*Exercise objective*
The data that follows should be copied out exactly.

*Records for this exercise*
>>>

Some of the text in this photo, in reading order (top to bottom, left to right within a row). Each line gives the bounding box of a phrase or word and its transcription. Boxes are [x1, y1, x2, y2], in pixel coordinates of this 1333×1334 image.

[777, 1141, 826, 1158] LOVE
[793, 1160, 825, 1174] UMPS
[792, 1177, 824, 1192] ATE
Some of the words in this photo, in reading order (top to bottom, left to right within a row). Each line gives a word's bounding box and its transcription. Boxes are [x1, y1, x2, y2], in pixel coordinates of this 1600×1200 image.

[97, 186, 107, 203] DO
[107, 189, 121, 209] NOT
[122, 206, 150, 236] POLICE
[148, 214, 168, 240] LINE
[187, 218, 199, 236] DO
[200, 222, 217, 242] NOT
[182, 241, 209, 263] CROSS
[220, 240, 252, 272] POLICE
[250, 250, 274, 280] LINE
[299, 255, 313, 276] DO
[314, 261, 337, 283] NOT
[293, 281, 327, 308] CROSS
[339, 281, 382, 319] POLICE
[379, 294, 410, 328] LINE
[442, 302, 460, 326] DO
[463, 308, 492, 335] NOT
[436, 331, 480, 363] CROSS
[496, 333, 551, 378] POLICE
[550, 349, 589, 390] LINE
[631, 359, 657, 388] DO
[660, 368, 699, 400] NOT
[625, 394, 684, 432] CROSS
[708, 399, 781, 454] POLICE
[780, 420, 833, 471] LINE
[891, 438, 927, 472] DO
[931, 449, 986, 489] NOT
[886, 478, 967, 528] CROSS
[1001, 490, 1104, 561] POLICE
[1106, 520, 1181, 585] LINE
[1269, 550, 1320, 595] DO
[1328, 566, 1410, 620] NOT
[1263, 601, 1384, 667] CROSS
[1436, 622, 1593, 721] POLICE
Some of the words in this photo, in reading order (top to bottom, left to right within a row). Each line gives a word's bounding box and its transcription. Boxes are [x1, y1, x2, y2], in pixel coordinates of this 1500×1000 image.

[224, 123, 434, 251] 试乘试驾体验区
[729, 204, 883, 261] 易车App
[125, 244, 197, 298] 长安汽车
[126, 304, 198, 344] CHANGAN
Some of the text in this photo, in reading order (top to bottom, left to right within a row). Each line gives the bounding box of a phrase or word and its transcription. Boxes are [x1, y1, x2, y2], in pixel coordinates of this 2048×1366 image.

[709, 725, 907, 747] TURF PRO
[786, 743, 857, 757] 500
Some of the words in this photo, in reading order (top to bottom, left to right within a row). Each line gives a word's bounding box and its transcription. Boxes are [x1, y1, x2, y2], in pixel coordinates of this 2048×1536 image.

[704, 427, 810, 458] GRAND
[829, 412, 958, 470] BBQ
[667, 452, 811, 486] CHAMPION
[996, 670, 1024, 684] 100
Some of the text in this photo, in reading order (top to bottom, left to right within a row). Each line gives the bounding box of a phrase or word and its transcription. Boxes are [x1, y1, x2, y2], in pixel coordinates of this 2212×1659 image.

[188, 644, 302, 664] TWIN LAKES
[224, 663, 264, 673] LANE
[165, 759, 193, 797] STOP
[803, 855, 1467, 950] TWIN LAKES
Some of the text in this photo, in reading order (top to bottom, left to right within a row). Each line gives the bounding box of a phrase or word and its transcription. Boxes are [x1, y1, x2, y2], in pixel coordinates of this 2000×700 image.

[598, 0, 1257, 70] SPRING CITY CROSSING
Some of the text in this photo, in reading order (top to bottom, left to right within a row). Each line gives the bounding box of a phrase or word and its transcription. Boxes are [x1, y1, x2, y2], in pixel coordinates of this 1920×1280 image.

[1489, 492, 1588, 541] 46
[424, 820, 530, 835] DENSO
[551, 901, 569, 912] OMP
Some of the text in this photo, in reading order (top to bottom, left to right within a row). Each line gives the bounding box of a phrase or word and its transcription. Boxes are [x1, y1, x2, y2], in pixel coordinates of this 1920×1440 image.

<<<

*Answer to this exercise*
Some of the text in this photo, in reading order (top to bottom, left to right within a row). Each line gives the bounding box of a phrase or word and its transcription. Boxes are [x1, y1, x2, y2], in pixel coordinates of this 1333×1334 image.

[777, 1141, 826, 1158] LOVE
[793, 1160, 825, 1174] UMPS
[792, 1177, 824, 1192] ATE
Some of the words in this photo, in reading order (top to bottom, left to right within a row). Each line gives a word's bounding box and its transcription. Boxes are [x1, y1, x2, y2], in pixel coordinates of this 1600×1200 image.

[97, 186, 107, 203] DO
[107, 189, 121, 209] NOT
[122, 206, 150, 236] POLICE
[148, 214, 168, 240] LINE
[187, 218, 199, 236] DO
[200, 222, 217, 242] NOT
[182, 241, 209, 263] CROSS
[220, 240, 252, 272] POLICE
[250, 250, 274, 280] LINE
[299, 255, 313, 276] DO
[314, 261, 337, 283] NOT
[293, 281, 327, 308] CROSS
[339, 281, 382, 319] POLICE
[379, 294, 410, 328] LINE
[442, 302, 460, 326] DO
[463, 308, 492, 335] NOT
[436, 331, 480, 363] CROSS
[496, 333, 551, 378] POLICE
[550, 349, 589, 390] LINE
[631, 359, 657, 388] DO
[660, 368, 699, 400] NOT
[625, 394, 684, 432] CROSS
[708, 399, 781, 454] POLICE
[780, 420, 833, 471] LINE
[891, 438, 927, 472] DO
[931, 449, 986, 489] NOT
[886, 478, 967, 528] CROSS
[1001, 490, 1104, 561] POLICE
[1106, 520, 1181, 585] LINE
[1269, 550, 1320, 595] DO
[1328, 566, 1410, 620] NOT
[1263, 601, 1384, 667] CROSS
[1436, 622, 1593, 721] POLICE
Some of the words in this photo, in reading order (top to bottom, left to right within a row). Each line gives a word's bounding box and its transcription. Boxes are [x1, y1, x2, y2], in pixel coordinates of this 1500×1000 image.

[224, 123, 434, 251] 试乘试驾体验区
[729, 204, 883, 261] 易车App
[125, 244, 197, 298] 长安汽车
[126, 304, 198, 344] CHANGAN
Some of the text in this photo, in reading order (top to bottom, left to right within a row). Each line gives the bounding box of a phrase or word and its transcription. Boxes are [x1, y1, x2, y2], in pixel coordinates of this 2048×1366 image.

[709, 725, 907, 747] TURF PRO
[786, 743, 857, 757] 500
Some of the words in this photo, in reading order (top to bottom, left to right within a row). Each line gives a word's bounding box and its transcription. Boxes are [x1, y1, x2, y2], in pixel coordinates of this 2048×1536 image.

[704, 427, 810, 458] GRAND
[829, 412, 958, 470] BBQ
[667, 452, 811, 486] CHAMPION
[996, 670, 1024, 684] 100
Some of the text in this photo, in reading order (top to bottom, left to right within a row). Each line gives the bounding box of a phrase or word and its transcription. Boxes are [x1, y1, x2, y2], in pixel coordinates of this 2212×1659 image.

[188, 644, 302, 664] TWIN LAKES
[224, 663, 264, 673] LANE
[165, 759, 193, 797] STOP
[803, 855, 1467, 950] TWIN LAKES
Some of the text in this photo, in reading order (top to bottom, left to right within a row). Each line gives the bounding box of a phrase or word and its transcription. Boxes are [x1, y1, x2, y2], in pixel coordinates of this 2000×700 image.

[598, 0, 1257, 70] SPRING CITY CROSSING
Some of the text in this photo, in reading order (top to bottom, left to right within a row). Each line gives the bounding box of a phrase or word and its transcription. Boxes are [x1, y1, x2, y2], in pixel coordinates of this 1920×1280 image.

[1489, 492, 1588, 541] 46
[424, 820, 530, 835] DENSO
[551, 901, 569, 912] OMP
Some of the text in this photo, in reading order (top to bottom, left to right within a row). Each line gives the bounding box of a phrase or word and its transcription. Boxes are [x1, y1, x2, y2], in pixel coordinates of this 1920×1440 image.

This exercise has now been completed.